_TO DO_: Nothing but the pictures gets dropped; retype every entry exactly.

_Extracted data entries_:
+ + + +

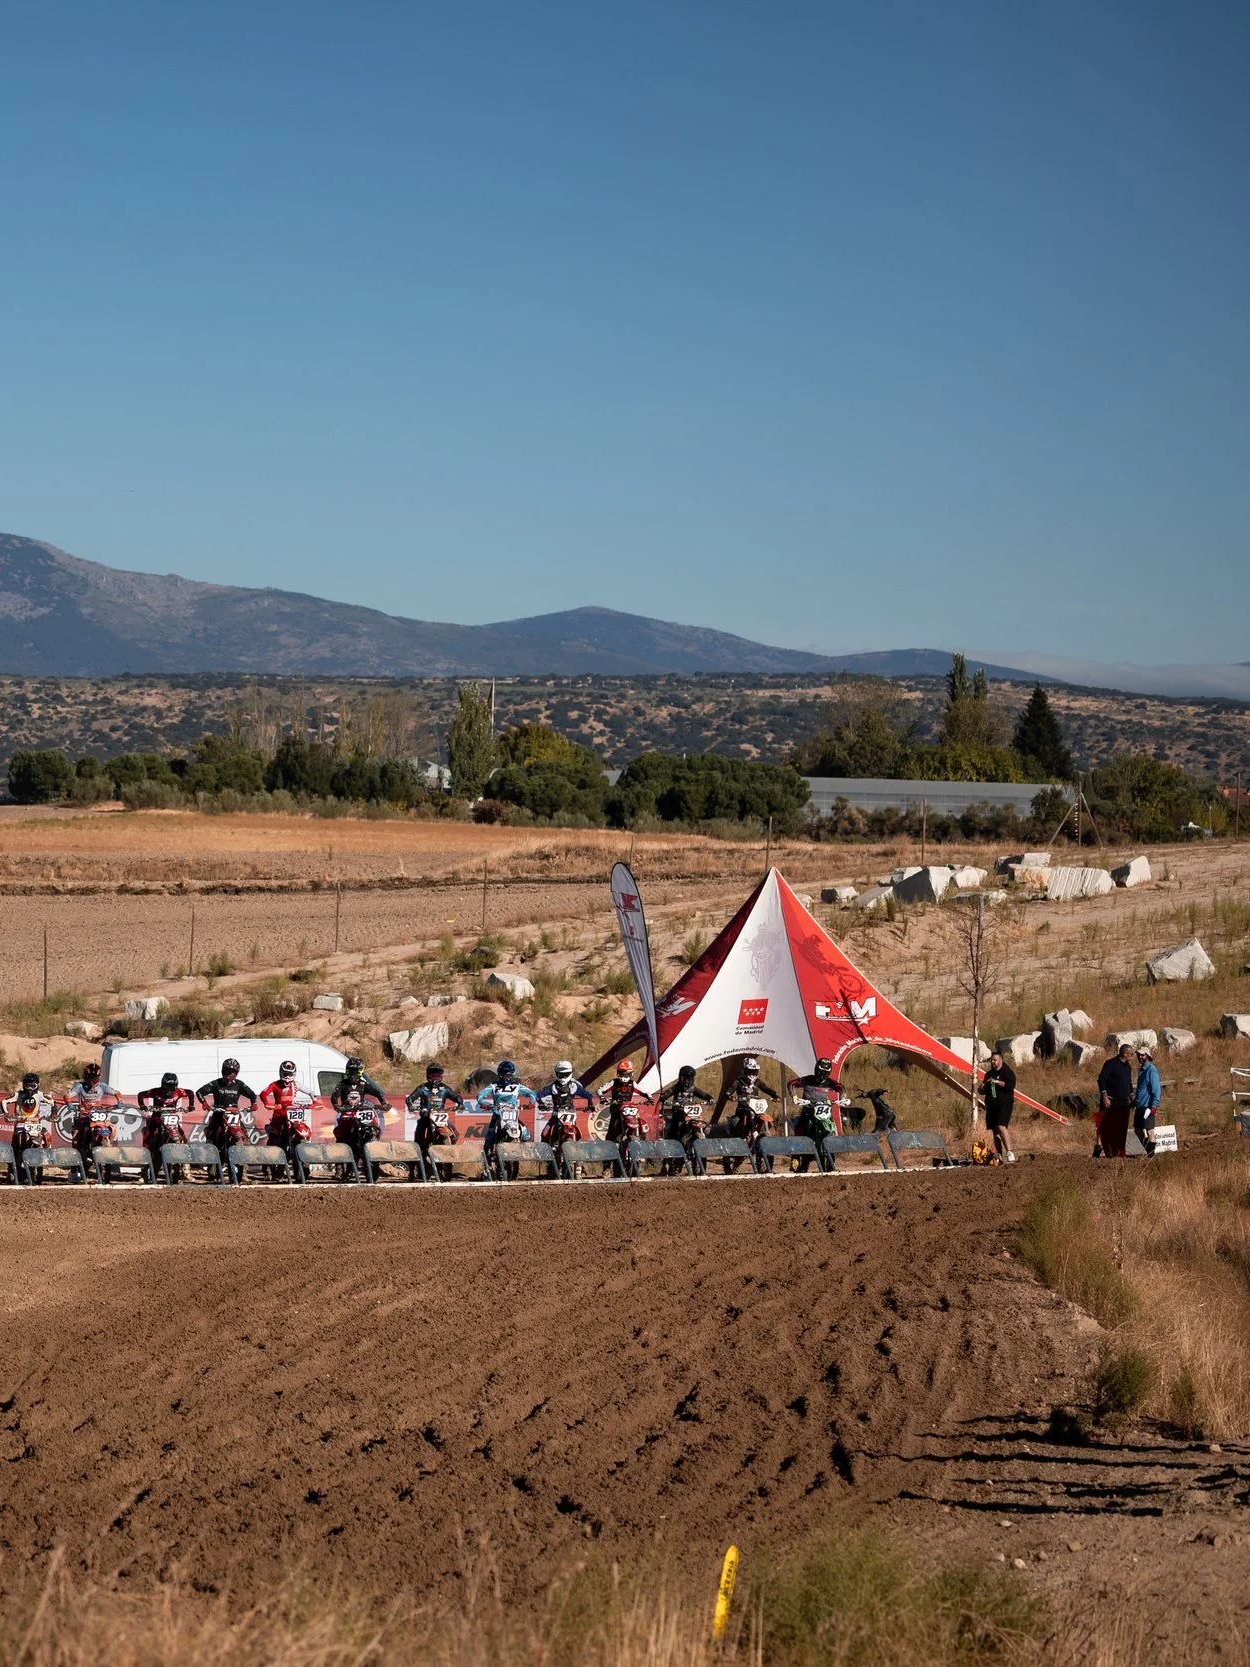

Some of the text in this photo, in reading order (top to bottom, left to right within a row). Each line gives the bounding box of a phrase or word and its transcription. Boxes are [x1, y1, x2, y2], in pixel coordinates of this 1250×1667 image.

[622, 1106, 638, 1116] 33
[687, 1106, 699, 1115] 29
[816, 1106, 830, 1115] 84
[91, 1112, 106, 1121] 39
[288, 1111, 303, 1120] 128
[434, 1113, 448, 1122] 72

+ + + +

_RESPONSE BELOW_:
Some of the text in this photo, in reading order (top to bottom, left to right within a row). Each line gives the bounding box of a phrase or word and its transcription. Boxes are [x1, y1, x2, y2], in pixel coordinates of this 1250×1667 image.

[622, 1106, 638, 1116] 33
[687, 1106, 699, 1115] 29
[816, 1106, 830, 1115] 84
[91, 1112, 106, 1121] 39
[288, 1111, 303, 1120] 128
[434, 1113, 448, 1122] 72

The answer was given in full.